Hyperthermia: effects on renal ischemic/reperfusion injury in the rat.

Hyperthermia (39.5 degrees C) worsens experimental ischemic acute renal failure (ARF). We assessed whether it does so by affecting the ischemic and/or reperfusion injury phase and if its influence is mediated through changes in kidney ATP content and xanthine oxidase-mediated oxidant stress. Rats were subjected to 25 minutes of renal pedicle occlusion and hyperthermia was imposed during ischemia alone, reflow alone (0 to 30, 30 to 60, and 60 to 90 minutes), ischemia + reflow, or without ischemia. Hyperthermia's effects on ischemic/reperfusion adenylate pools lipid peroxidation (malondialdehyde), and the severity of ARF were assessed in comparison with normothermic ischemic controls. Hyperthermia confined to ischemia profoundly worsened ARF whereas during immediate reflow (0 to 30 minutes) hyperthermia had only a mild ARF-potentiating effect.

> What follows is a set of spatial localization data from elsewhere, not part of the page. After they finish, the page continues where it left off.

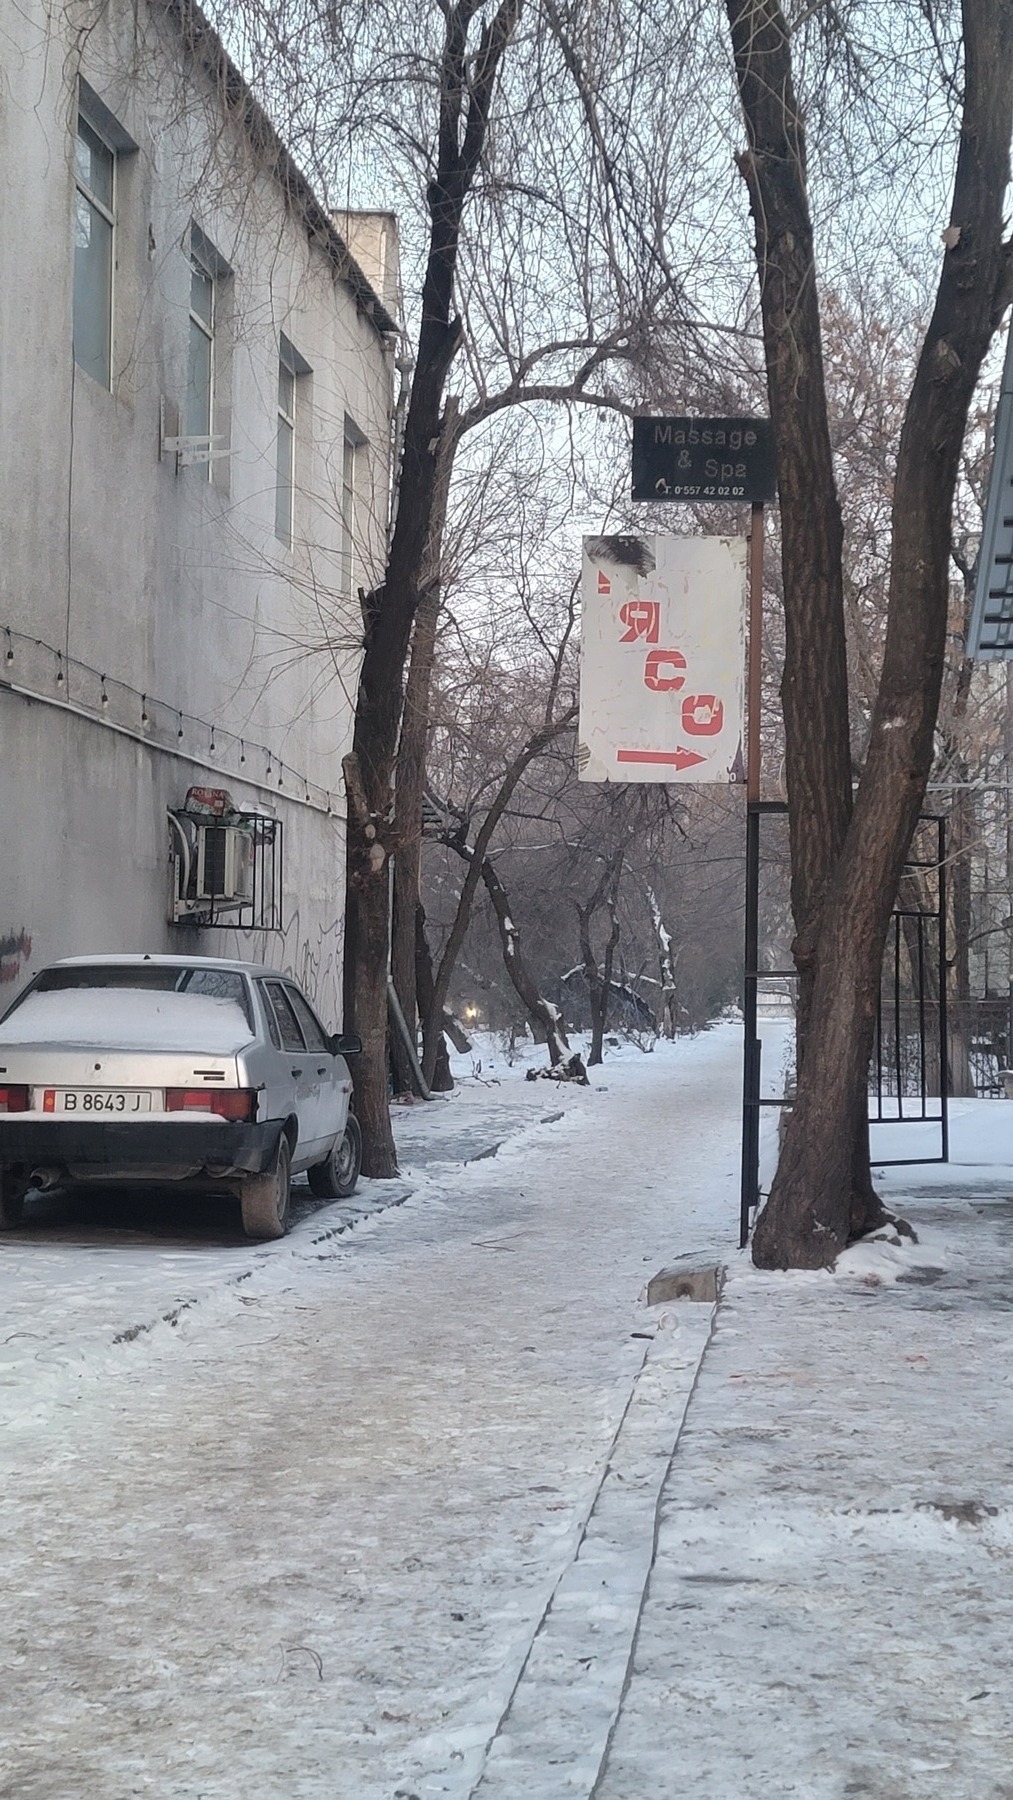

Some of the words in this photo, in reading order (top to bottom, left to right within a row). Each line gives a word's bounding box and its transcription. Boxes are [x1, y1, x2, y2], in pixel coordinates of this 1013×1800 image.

[654, 425, 758, 450] Massage
[677, 449, 693, 468] &
[704, 459, 747, 481] Spa
[703, 486, 716, 496] 42
[717, 486, 730, 496] 02
[732, 486, 745, 496] 02
[64, 1093, 77, 1111] B
[82, 1094, 126, 1111] 8643
[131, 1094, 141, 1111] J

During late reflow (greater than 30 minutes) or in the absence of ischemia, hyperthermia caused no damage. Hyperthermia had only a brief negative impact on ischemic ATP content, just slightly lowering it during the first 5 minutes of ischemia. Nevertheless, much greater ischemic damage resulted, reflected by increased proximal tubular brush border membrane sloughing at the end of vascular occlusion. Hyperthermia imposed only during reflow did not affect ATP concentrations. Hyperthermia increased end-ischemic purine base concentrations by 10% due to increased ATP degradation. However, reperfusion lipid peroxidation did not result and xanthine oxidase inhibition (by oxypurinol) conferred no protection.

CONCLUSIONS

(a) Hyperthermia worsens ARF predominantly by affecting ischemic, not reperfusion, injury; (b) xanthine oxidase is not an important mediator of hyperthermic-ischemic ARF; and (c) hyperthermia has a quantitatively trivial impact on ischemic ATP levels. This suggests that hyperthermia principally worsens ARF by magnifying the consequences of energy depletion (e.g., membrane damage) more than by worsening energy depletion, per se.